Всю ночь в моем мозгу вертелся без причины
Знакомый тот мотив — и наболела грудь…
Я виноват, но Вы отпустите мне вины —
Всего и стоит Вам лишь руку протянуть.
Дитя богемы я, бездельник, вот в чем суть,
И красное словцо подчас мой хлеб единый.
Обманут многими, до времени старик,
Как крыса, мнителен, озлоблен нищетою,
Поденщик-журналист, заблудший среди книг,
В участье дружбы я не верю и не стою
Той доброты, что Вас выводит напрямик
На помощь страждущей душе в опасный миг.
Простите же меня за все размолвки наши…
Но ясно говорят и в ссоре письма Ваши,
Что Ваш надежный ум прямым путем идет —
Вы требуете долг… Дичайший оборот!
Ручаюсь, что его не примут в «Ералаше».
Но следует платить, когда предъявлен счет.
Что ж, Вам достанутся в зеленом коленкоре
И письма, и листы, скрепленные тесьмой, —
Иззябшему перу не пишется зимой.
Нет в очаге огня, в окне — стекла, вот горе!

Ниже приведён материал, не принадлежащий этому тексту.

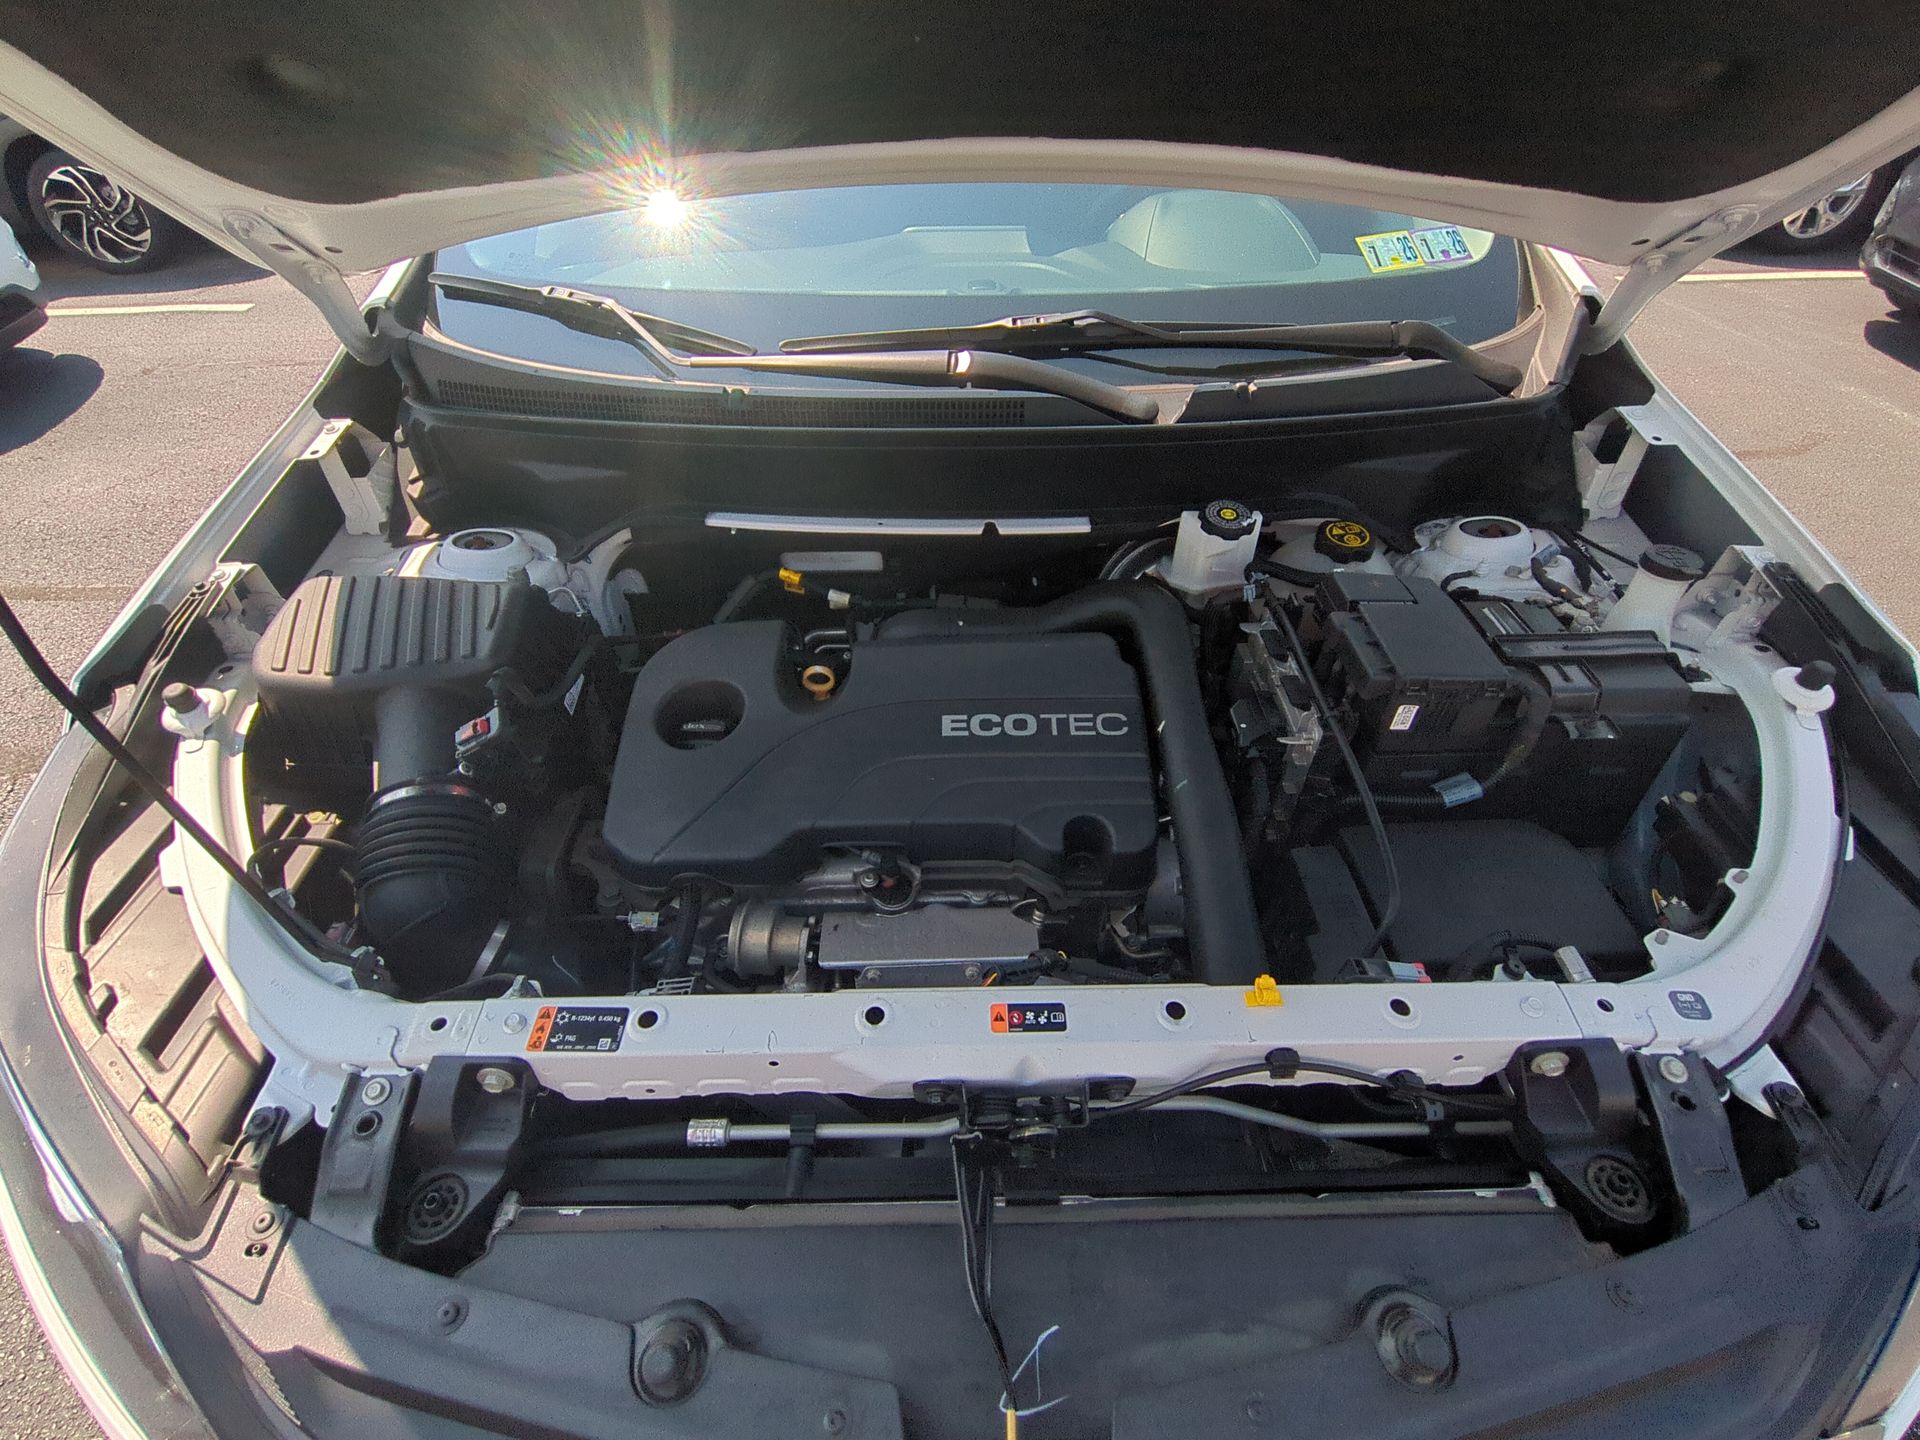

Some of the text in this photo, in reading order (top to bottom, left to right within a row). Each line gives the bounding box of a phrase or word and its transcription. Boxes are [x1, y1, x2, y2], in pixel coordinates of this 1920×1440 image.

И с небом, с адом ли — связь обрету я вскоре,
Затем что улизнуть намерен в мир иной.
Я эпитафию себе сложил и данью
Вам приношу сие убогое созданье —
Сонет, пробившийся в моих мозгах пустых.
Но холод оборвал кукушки кукованье…
Калечит нищета и мысль мою, и стих.
Эпитафия
Он прожил жизнь свою то весел, как скворец,
То грустен и влюблен, то странно беззаботен,
То — как никто другой, то как и сотни сотен…
И постучалась Смерть у двери наконец.
И попросил ее он обождать немного,
Поспешно дописал последний свой сонет,
И после в темный гроб он лег, задувши свет
И на груди своей скрестивши руки строго.
Ах, часто леностью душа его грешила,
Он сохнуть оставлял в чернильнице чернила,
Он мало что узнал, хоть увлекался всем,
Но в тихий зимний день, когда от жизни бренной
Он позван был к иной, как говорят, нетленной,
Он, уходя, шепнул: «Я приходил — зачем?»